Our basement was unfinished while I lived home.  It was filled with large mysterious pieces of equipment that I rarely saw my dad, who was a welder, use.  There was always a motorcycle parked in the basement, various antique car parts, and a sign that said something like, “Viet Nam.  If you weren’t there, then shut the hell up.”  We also kept an extra refrigerator down there, a pencil sharpener, and an old coal stove.  There was one window with a broken pane, my dad covered it with a piece of wood.  It was just large enough for my little brother to fit though if I couldn’t find my house key after school.
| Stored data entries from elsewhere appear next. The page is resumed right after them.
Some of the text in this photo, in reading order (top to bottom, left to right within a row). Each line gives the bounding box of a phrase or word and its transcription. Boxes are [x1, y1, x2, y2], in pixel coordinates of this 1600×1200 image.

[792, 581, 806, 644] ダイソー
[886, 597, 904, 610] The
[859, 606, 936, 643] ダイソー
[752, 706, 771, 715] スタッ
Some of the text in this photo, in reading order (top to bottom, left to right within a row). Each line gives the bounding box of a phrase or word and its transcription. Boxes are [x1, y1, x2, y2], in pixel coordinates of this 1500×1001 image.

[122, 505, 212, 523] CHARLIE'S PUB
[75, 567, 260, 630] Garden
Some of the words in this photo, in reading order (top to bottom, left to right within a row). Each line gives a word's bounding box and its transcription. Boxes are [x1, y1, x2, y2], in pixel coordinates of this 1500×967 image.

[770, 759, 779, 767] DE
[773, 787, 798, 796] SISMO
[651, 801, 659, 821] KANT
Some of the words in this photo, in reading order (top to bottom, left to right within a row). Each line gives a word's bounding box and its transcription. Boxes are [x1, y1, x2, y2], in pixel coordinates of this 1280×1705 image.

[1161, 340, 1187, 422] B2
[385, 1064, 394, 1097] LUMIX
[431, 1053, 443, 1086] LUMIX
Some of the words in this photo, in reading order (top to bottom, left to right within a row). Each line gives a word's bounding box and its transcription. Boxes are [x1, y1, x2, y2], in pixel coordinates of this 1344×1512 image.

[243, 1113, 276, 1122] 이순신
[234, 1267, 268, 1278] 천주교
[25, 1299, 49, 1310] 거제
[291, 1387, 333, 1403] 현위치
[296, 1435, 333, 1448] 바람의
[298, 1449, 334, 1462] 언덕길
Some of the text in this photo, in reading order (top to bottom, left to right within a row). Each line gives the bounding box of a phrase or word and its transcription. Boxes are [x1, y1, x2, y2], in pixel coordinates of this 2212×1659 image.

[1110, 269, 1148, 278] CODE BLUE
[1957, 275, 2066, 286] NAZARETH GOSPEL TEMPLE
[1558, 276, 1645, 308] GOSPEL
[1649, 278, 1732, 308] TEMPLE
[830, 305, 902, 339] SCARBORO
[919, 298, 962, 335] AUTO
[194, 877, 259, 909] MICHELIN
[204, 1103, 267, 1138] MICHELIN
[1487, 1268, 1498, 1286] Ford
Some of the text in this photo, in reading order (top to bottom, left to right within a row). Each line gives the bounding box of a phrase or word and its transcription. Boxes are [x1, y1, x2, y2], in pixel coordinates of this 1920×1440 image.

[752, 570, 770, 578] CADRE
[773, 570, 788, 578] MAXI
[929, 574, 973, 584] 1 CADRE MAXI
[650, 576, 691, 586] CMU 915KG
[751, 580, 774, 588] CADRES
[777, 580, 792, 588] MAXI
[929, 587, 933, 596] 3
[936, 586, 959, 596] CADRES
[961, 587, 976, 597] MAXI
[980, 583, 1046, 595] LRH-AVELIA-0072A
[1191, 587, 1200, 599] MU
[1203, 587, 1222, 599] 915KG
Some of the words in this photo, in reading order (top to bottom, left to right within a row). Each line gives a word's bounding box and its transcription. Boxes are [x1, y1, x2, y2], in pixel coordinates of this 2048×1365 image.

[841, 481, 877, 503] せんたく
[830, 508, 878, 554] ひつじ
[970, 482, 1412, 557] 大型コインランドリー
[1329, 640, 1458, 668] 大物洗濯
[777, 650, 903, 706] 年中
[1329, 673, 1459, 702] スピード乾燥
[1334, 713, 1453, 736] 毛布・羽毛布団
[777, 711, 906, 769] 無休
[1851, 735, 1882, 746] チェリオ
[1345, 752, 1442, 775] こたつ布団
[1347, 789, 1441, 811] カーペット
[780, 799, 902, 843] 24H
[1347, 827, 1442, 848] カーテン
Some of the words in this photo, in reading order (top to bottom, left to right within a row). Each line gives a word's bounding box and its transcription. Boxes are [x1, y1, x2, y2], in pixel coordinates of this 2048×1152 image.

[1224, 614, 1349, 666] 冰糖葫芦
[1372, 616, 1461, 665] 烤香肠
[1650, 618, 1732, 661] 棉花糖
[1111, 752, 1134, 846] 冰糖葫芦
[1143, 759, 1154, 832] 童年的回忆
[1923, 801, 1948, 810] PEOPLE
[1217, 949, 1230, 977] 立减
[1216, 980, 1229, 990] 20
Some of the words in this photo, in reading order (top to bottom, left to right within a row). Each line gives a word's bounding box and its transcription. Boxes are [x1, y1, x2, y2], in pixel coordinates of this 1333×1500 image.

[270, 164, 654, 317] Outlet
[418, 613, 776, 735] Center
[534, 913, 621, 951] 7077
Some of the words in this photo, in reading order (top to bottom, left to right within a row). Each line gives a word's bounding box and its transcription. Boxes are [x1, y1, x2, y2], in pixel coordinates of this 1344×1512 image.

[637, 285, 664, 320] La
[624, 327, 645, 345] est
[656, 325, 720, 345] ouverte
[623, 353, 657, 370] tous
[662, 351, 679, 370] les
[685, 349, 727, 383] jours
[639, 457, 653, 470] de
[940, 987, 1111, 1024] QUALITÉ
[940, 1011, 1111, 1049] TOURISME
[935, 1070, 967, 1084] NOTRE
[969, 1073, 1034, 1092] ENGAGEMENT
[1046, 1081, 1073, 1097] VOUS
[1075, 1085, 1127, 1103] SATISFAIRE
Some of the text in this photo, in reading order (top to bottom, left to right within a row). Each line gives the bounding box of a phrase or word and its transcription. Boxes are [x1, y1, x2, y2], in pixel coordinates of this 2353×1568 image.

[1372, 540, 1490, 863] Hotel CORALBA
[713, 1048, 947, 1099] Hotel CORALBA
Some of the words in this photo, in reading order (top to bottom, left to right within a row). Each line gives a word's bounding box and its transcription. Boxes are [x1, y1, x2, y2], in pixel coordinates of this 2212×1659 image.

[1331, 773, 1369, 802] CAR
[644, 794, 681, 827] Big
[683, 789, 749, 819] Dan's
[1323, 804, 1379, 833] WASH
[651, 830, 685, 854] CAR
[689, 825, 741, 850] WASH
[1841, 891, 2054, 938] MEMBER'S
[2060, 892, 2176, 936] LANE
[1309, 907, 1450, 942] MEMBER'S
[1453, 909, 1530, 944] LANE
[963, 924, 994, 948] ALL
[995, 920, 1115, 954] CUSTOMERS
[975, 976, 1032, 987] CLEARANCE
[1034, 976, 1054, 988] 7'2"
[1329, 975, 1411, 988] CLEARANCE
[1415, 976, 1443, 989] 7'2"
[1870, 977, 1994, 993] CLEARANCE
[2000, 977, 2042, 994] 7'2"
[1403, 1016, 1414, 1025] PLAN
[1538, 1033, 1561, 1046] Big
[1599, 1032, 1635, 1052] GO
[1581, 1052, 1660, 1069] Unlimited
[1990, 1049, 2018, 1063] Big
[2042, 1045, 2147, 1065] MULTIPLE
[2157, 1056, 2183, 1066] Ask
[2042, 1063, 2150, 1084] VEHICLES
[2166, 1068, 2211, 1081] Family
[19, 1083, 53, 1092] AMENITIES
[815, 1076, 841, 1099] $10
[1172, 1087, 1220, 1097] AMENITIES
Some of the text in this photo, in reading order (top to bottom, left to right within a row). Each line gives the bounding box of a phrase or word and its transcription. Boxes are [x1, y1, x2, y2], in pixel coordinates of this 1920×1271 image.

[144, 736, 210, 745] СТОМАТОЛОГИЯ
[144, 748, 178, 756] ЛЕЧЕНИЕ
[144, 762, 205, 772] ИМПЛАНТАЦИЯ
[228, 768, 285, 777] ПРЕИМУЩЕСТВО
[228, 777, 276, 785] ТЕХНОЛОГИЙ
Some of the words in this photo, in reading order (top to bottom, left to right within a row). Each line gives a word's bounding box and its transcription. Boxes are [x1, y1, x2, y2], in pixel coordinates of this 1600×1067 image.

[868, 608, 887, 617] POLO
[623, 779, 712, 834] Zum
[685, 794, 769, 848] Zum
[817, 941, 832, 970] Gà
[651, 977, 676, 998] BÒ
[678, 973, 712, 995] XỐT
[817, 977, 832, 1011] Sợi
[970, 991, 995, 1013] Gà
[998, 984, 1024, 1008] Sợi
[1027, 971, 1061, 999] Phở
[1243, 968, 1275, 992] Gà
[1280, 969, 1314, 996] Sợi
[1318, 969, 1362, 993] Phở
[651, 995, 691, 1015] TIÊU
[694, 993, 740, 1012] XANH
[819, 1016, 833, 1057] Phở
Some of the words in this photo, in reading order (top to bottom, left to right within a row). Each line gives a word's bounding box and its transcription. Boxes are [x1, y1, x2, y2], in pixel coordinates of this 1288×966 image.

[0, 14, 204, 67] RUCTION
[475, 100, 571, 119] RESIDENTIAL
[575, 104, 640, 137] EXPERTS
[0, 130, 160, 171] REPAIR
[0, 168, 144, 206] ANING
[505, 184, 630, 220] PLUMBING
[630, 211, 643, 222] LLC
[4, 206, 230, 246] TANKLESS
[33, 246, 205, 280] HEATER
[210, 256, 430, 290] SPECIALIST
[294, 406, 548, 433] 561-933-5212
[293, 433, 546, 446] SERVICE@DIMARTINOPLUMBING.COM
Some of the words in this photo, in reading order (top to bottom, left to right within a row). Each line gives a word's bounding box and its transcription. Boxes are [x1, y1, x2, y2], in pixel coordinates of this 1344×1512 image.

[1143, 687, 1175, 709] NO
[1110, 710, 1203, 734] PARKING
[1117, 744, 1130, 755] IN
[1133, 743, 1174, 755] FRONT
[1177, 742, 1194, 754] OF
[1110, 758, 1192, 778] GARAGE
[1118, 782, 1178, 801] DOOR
We moved into the house in November of 1976, a few months before my brother was born.  There were many things that stayed the same the whole time I lived there, and up until my parents sold the house a few months ago.  The rust-colored plush rug in the living room, the small dark blue tiles and the “heat lamp” in the upstairs bathroom, the orange and brown patterned linoleum in the downstairs half-bath, and the gold electric range in the kitchen that, somehow, still worked perfectly.  I’m sure they could have updated those things if they really wanted to, but looking back now – as a parent- they were probably more concerned with making sure my brother and I had braces and money for college.  The cosmetic stuff was never a priority; that rug, those tiles, they were home.  It was where we grew up. It was where we were safe.  It was where everything familiar was.  It’s where our memories lead us back to, and where our stories begin.  Home.